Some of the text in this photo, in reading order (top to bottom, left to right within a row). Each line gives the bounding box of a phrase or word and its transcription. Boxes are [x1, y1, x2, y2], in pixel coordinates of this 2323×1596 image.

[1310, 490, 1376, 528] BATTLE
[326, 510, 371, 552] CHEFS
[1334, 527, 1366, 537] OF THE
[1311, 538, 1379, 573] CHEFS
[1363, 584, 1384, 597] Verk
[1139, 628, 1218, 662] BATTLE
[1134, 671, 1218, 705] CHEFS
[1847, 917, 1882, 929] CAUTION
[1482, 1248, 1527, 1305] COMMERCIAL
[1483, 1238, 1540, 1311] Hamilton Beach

▸ **DIRECTIONS FOR THIS TASK**
Every entry, from top to bottom, should be repeated word for word.

▸ **SOLUTION**
Some of the text in this photo, in reading order (top to bottom, left to right within a row). Each line gives the bounding box of a phrase or word and its transcription. Boxes are [x1, y1, x2, y2], in pixel coordinates of this 2323×1596 image.

[1310, 490, 1376, 528] BATTLE
[326, 510, 371, 552] CHEFS
[1334, 527, 1366, 537] OF THE
[1311, 538, 1379, 573] CHEFS
[1363, 584, 1384, 597] Verk
[1139, 628, 1218, 662] BATTLE
[1134, 671, 1218, 705] CHEFS
[1847, 917, 1882, 929] CAUTION
[1482, 1248, 1527, 1305] COMMERCIAL
[1483, 1238, 1540, 1311] Hamilton Beach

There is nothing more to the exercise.